L'affaire Redouane est davantage médiatisée depuis qu'elle a engagé l'avocat Yassine Bouzrou, qui a notamment défendu la famille d'Adama Traoré. «C'est venu comme ça : en trifouillant sur Facebook, j'ai vu qu'il avait défendu Adama Traoré après ce que lui ont fait les gendarmes et je l'ai appelé.» Quand on lui demande si elle espérait par là faire plus de bruit, elle hausse les épaules en soufflant : «Vous savez, je n'avais pas la force de réfléchir à tout ça. Au début, avec mes frères et sœurs, on était obsédés par une seule chose : le rapatriement de son corps… Il a fallu qu'on attende vingt-trois jours, sans pouvoir venir, faute de visa. Maintenant, c'est la vérité que je veux.»

Zineb Redouane est considérée comme la neuvième victime de l'effondrement des immeubles de la rue d'Aubagne, de même qu'elle a été ajoutée au compteur des victimes gilets jaunes et perçue comme un symbole des violences policières. Elle se retrouve à la confluence de luttes qui n'étaient pas les siennes. Milfet Redouane ne cesse de répéter que sa mère n'était ni gilet jaune ni militante : «Elle n'était le symbole de rien. Elle préparait une soupe de légumes chez elle et ne réclamait rien.» Et de préciser : «J'ai été contactée par des gilets jaunes. Je ne veux pas me mêler de la politique française, je suis citoyenne algérienne.» C'est d'ailleurs ce qui a frappé maître Bouzrou quand elle est venue frapper à sa porte en avril : «Sa dignité et son envie d'entendre la vérité quelle qu'elle soit.» En revanche, les phrases de «monsieur Castaner» et de «monsieur Macron», Milfet Redouane les a bien en tête : «Comment ils peuvent dire que ma mère n'est pas morte à cause de sa blessure par la grenade lacrymogène ? Qu'il n'y a pas eu de mort en marge des manifestations des gilets jaunes ? Qu'on ne peut pas laisser dire que madame Redouane a été tuée par la police ? Et de quel balcon parle monsieur Castaner, en faisant référence à son appartement ?» énumère-t-elle en accélérant nettement le débit.
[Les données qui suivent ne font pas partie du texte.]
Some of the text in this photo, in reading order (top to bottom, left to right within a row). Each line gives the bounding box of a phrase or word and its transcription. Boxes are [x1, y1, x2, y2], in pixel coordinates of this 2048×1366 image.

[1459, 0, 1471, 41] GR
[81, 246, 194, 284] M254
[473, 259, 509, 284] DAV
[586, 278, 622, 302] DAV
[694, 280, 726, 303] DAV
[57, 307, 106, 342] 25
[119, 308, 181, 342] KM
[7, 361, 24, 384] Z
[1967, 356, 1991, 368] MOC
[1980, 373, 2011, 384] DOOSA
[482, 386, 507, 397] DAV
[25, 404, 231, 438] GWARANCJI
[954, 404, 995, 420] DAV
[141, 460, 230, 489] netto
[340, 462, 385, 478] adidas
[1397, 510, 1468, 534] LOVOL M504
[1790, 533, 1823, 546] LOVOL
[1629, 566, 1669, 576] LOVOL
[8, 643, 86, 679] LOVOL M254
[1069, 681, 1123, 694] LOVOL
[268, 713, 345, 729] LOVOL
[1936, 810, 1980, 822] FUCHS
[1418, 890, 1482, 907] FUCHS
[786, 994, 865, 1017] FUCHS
Elle fustige «le silence complice des autorités» et une enquête qui apparemment n'avance pas : «Je ne comprends pas pourquoi le policier qui a tiré n'a toujours pas été identifié, neuf mois après !»
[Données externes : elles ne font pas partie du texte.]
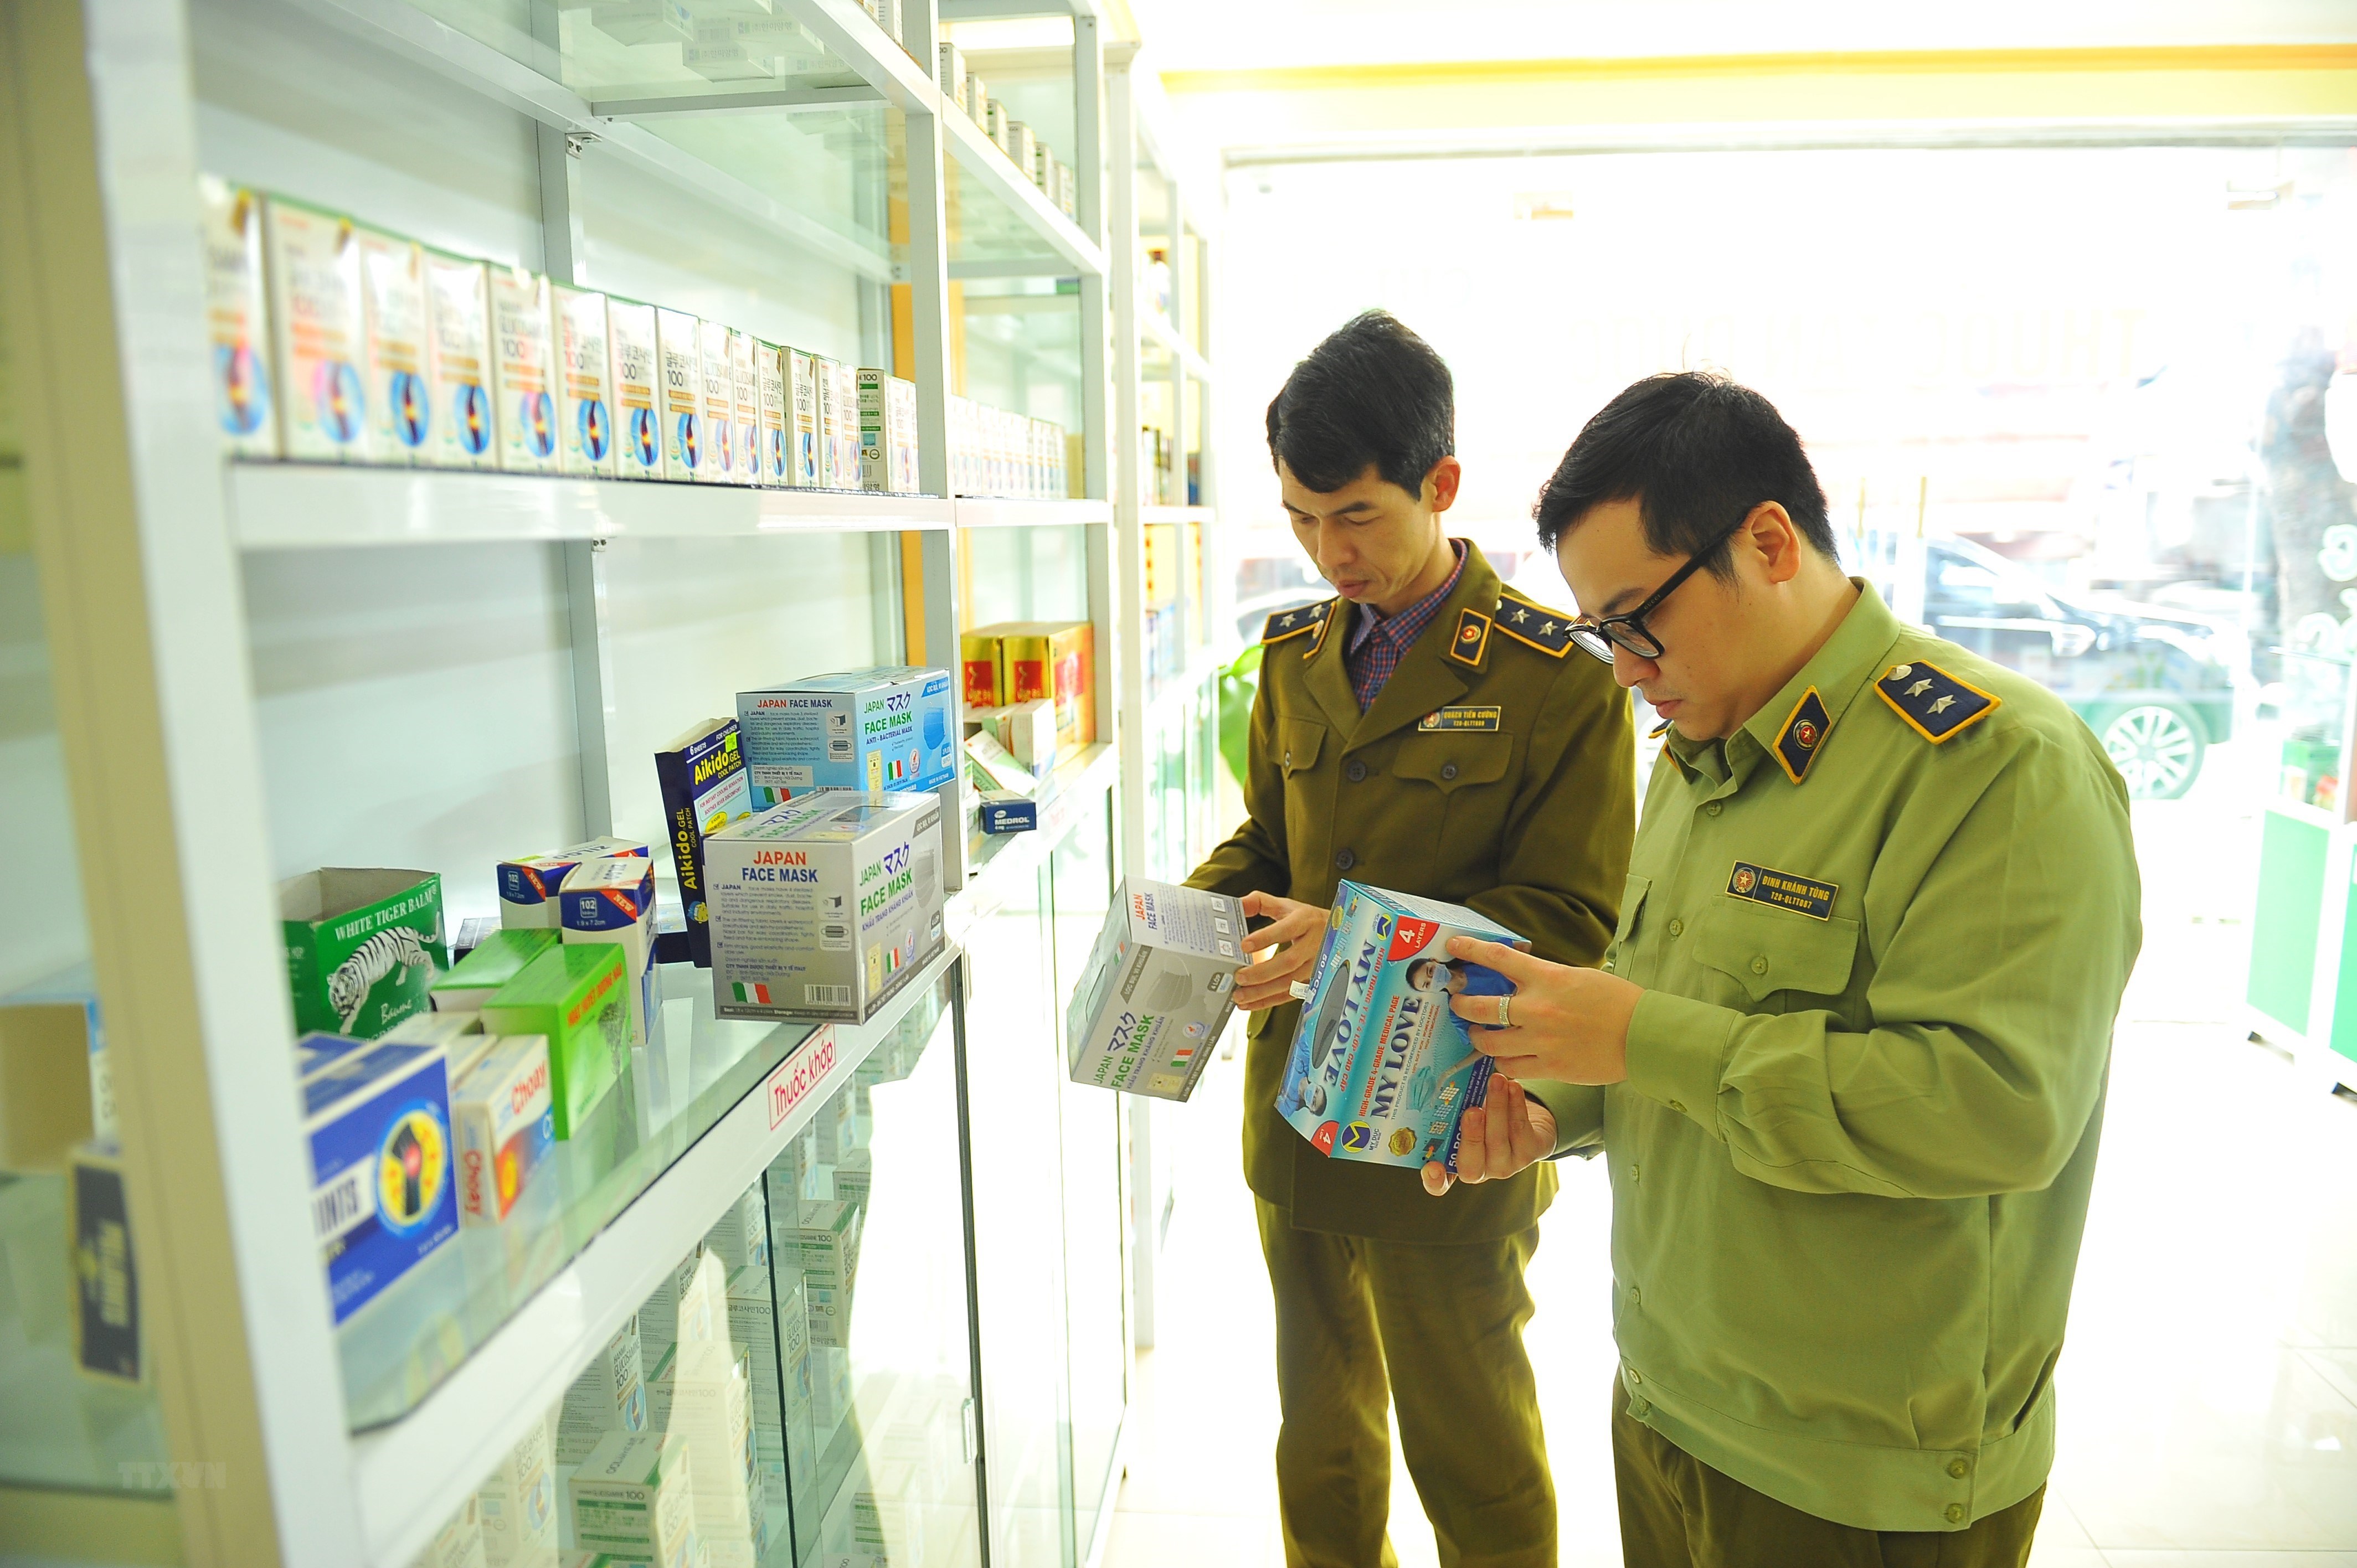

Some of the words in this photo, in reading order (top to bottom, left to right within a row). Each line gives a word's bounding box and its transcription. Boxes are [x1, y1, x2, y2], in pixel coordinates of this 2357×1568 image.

Pour autant, elle ne croit pas à l'hypothèse de certains militants antiracistes selon laquelle Zineb aurait été ciblée parce qu'algérienne ou musulmane : «Il faut être logique : elle n'a pas été visée pour ça… Son voile, elle ne le portait pas chez elle. Comment ils auraient su ? Comment expliquer alors ce qui s'est passé pour Geneviève Legay ? Pour Steve ? Ils sont bien français, non ?» Et d'ajouter que son seul souhait serait d'«interdire ces armes de guerre».

«Mama Zina» ne vivait plus en France ces dernières années, elle s'y rendait uniquement pour son suivi médical à cause de ses soucis cardiaques. Elle n'avait pas la nationalité française, elle enchaînait les titres de résidence de dix ans depuis les années 80 – date à laquelle elle s'était installée en France avec son mari, le père de Milfet, mort en 1993. «Elle a mené la belle vie, Zineb, avant la mort d'un de mes frères à l'âge de 30 ans et ses soucis de santé. Elle était gâtée par ses parents puis par mon père qui possédait des hôtels à Marseille. Elle a beaucoup voyagé aussi», relate la fille qui aime à rappeler le caractère fort de sa mère. Elle dirigeait tout le monde d'une main de fer, adorait ses neuf petits-enfants, son jardin algérois et le Vieux-Port de Marseille.

4 janvier 1977 Naissance. 2 décembre 2018 Mort de sa mère, Zineb Redouane. Ce dimanche Marche silencieuse à la mémoire de Zineb Redouane à Marseille et dans d'autres villes.